• Available data:
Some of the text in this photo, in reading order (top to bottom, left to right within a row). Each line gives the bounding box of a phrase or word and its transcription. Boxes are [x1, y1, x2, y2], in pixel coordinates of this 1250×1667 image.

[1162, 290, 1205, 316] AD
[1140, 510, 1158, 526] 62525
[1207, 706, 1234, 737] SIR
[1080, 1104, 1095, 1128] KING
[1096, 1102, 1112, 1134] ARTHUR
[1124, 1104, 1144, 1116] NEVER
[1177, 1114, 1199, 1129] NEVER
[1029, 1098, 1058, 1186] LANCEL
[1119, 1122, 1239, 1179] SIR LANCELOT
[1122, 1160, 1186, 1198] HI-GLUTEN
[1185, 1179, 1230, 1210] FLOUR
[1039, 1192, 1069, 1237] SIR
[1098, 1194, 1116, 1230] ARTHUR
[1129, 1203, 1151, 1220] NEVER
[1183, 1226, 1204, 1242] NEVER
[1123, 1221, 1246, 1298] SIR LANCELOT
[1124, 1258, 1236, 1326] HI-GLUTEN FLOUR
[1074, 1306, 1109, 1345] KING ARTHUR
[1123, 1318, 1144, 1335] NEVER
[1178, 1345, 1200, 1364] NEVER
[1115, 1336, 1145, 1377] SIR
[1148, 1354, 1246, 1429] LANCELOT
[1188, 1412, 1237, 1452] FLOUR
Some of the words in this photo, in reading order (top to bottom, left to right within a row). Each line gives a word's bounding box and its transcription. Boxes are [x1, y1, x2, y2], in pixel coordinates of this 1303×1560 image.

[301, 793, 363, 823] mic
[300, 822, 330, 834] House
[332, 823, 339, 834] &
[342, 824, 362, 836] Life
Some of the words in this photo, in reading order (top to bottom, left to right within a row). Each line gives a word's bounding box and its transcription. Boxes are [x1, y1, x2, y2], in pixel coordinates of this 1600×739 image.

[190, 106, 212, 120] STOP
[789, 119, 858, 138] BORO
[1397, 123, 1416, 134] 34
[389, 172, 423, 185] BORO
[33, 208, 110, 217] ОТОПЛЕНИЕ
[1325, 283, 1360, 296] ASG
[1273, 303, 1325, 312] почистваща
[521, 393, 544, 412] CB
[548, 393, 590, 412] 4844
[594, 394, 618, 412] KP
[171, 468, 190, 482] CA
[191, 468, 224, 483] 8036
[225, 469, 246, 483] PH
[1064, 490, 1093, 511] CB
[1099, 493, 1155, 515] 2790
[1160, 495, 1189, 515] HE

• About this task: Exactly as they stand, write out all of the entries.

• Exercise solution:
Some of the text in this photo, in reading order (top to bottom, left to right within a row). Each line gives the bounding box of a phrase or word and its transcription. Boxes are [x1, y1, x2, y2], in pixel coordinates of this 1250×1667 image.

[1162, 290, 1205, 316] AD
[1140, 510, 1158, 526] 62525
[1207, 706, 1234, 737] SIR
[1080, 1104, 1095, 1128] KING
[1096, 1102, 1112, 1134] ARTHUR
[1124, 1104, 1144, 1116] NEVER
[1177, 1114, 1199, 1129] NEVER
[1029, 1098, 1058, 1186] LANCEL
[1119, 1122, 1239, 1179] SIR LANCELOT
[1122, 1160, 1186, 1198] HI-GLUTEN
[1185, 1179, 1230, 1210] FLOUR
[1039, 1192, 1069, 1237] SIR
[1098, 1194, 1116, 1230] ARTHUR
[1129, 1203, 1151, 1220] NEVER
[1183, 1226, 1204, 1242] NEVER
[1123, 1221, 1246, 1298] SIR LANCELOT
[1124, 1258, 1236, 1326] HI-GLUTEN FLOUR
[1074, 1306, 1109, 1345] KING ARTHUR
[1123, 1318, 1144, 1335] NEVER
[1178, 1345, 1200, 1364] NEVER
[1115, 1336, 1145, 1377] SIR
[1148, 1354, 1246, 1429] LANCELOT
[1188, 1412, 1237, 1452] FLOUR
Some of the words in this photo, in reading order (top to bottom, left to right within a row). Each line gives a word's bounding box and its transcription. Boxes are [x1, y1, x2, y2], in pixel coordinates of this 1303×1560 image.

[301, 793, 363, 823] mic
[300, 822, 330, 834] House
[332, 823, 339, 834] &
[342, 824, 362, 836] Life
Some of the words in this photo, in reading order (top to bottom, left to right within a row). Each line gives a word's bounding box and its transcription. Boxes are [x1, y1, x2, y2], in pixel coordinates of this 1600×739 image.

[190, 106, 212, 120] STOP
[789, 119, 858, 138] BORO
[1397, 123, 1416, 134] 34
[389, 172, 423, 185] BORO
[33, 208, 110, 217] ОТОПЛЕНИЕ
[1325, 283, 1360, 296] ASG
[1273, 303, 1325, 312] почистваща
[521, 393, 544, 412] CB
[548, 393, 590, 412] 4844
[594, 394, 618, 412] KP
[171, 468, 190, 482] CA
[191, 468, 224, 483] 8036
[225, 469, 246, 483] PH
[1064, 490, 1093, 511] CB
[1099, 493, 1155, 515] 2790
[1160, 495, 1189, 515] HE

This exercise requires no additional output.